→ **The data**:
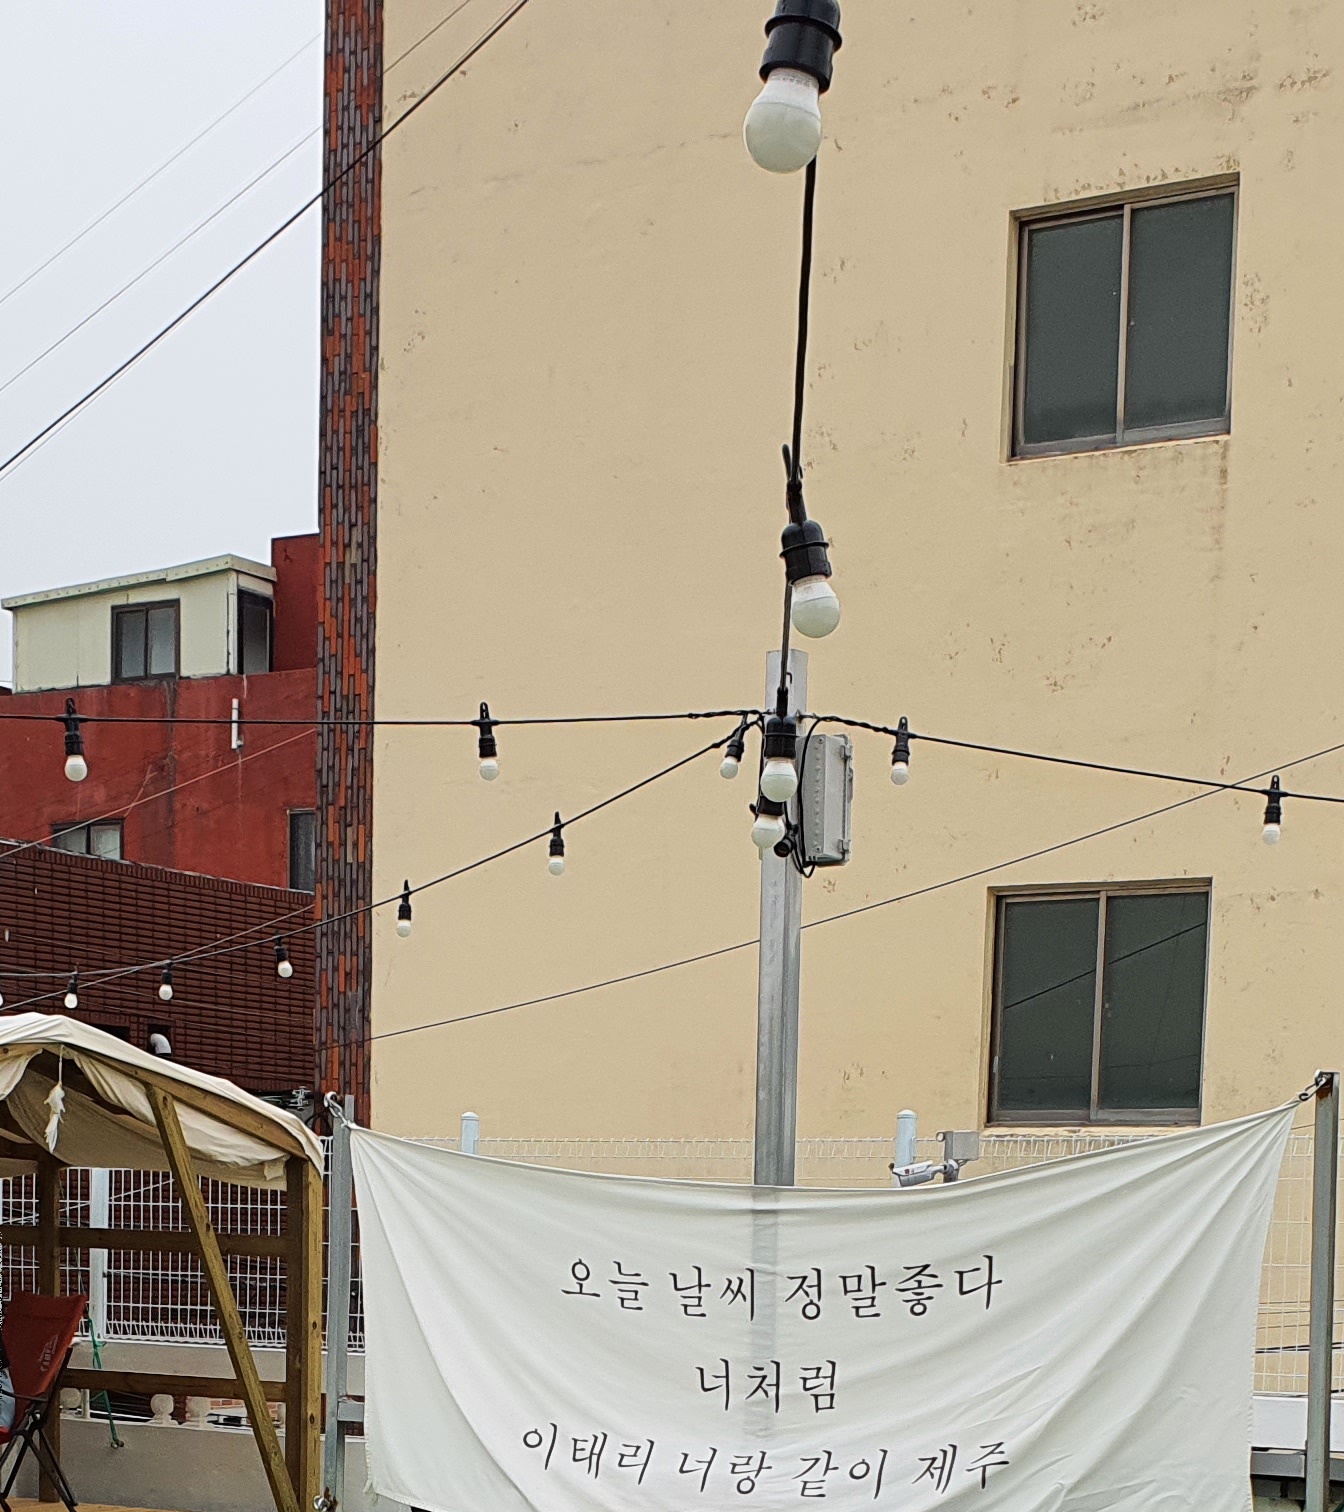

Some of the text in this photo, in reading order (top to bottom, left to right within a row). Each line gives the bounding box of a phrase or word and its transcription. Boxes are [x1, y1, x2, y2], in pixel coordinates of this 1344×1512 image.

[560, 1257, 651, 1311] 오늘
[668, 1264, 756, 1322] 날씨
[694, 1357, 839, 1414] 너처럼
[522, 1422, 1010, 1500] 이태리 너랑 같이 제주

→ **What you should do**: Leave out the pictures and copy everything else in the records word for word.

→ **Response for this exercise**:
Some of the text in this photo, in reading order (top to bottom, left to right within a row). Each line gives the bounding box of a phrase or word and its transcription. Boxes are [x1, y1, x2, y2], in pixel coordinates of this 1344×1512 image.

[560, 1257, 651, 1311] 오늘
[668, 1264, 756, 1322] 날씨
[694, 1357, 839, 1414] 너처럼
[522, 1422, 1010, 1500] 이태리 너랑 같이 제주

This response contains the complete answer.